Reports from the United States have demonstrated that elevated markers of microbial translocation from the gut may be found in chronic and advanced HIV-1 infection and are associated with an increase in immune activation. However, this phenomenon's role in HIV-1 disease in Africa is unknown. This study examined the longitudinal relationship between microbial translocation and circulating inflammatory cytokine responses in a cohort of people with varying rates of HIV-1 disease progression in Rakai, Uganda.
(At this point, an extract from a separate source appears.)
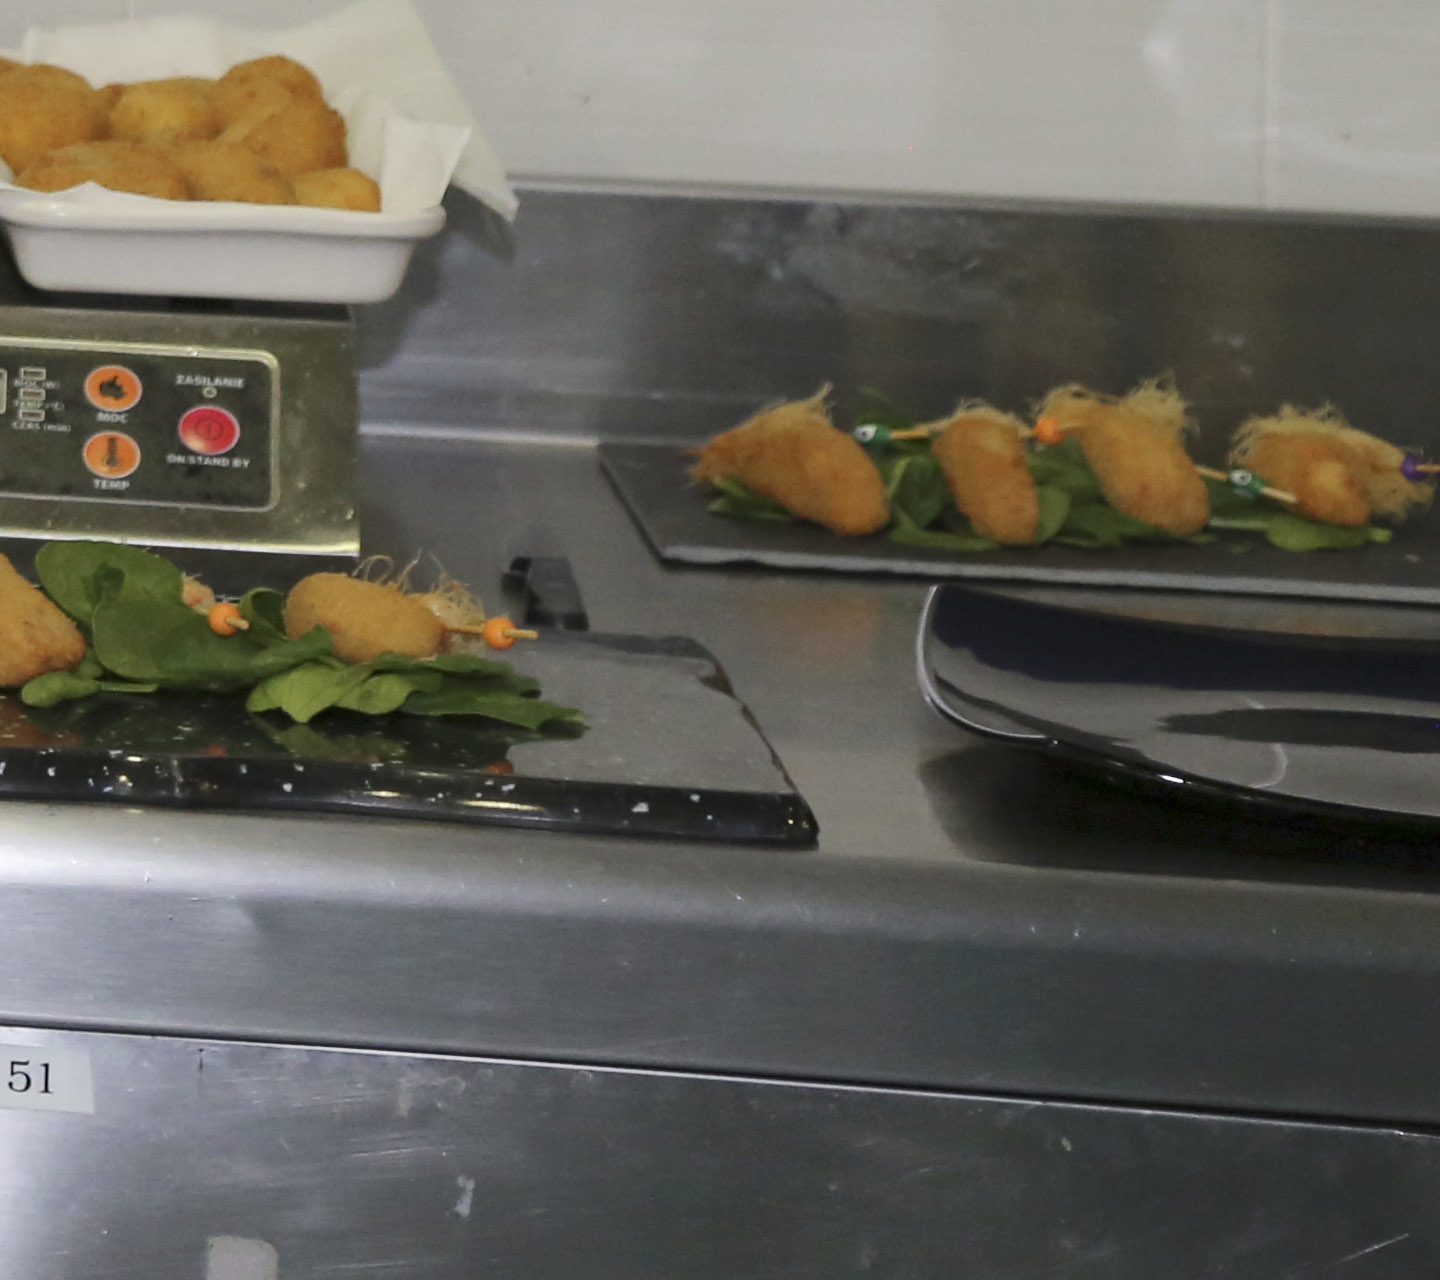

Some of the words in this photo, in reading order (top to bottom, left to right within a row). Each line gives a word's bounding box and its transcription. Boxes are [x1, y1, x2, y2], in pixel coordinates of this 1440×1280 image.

[96, 412, 129, 423] MOC
[93, 479, 129, 490] TEMP
[8, 1060, 53, 1094] 51
Multiple markers for microbial translocation (lipopolysaccharide, endotoxin antibody, and sCD14) did not change significantly during HIV-1 disease progression. Moreover, circulating immunoreactive cytokine levels either decreased or remained virtually unchanged throughout disease progression. These data suggest that microbial translocation and its subsequent inflammatory immune response do not have a causal relationship with HIV-1 disease progression in Africa.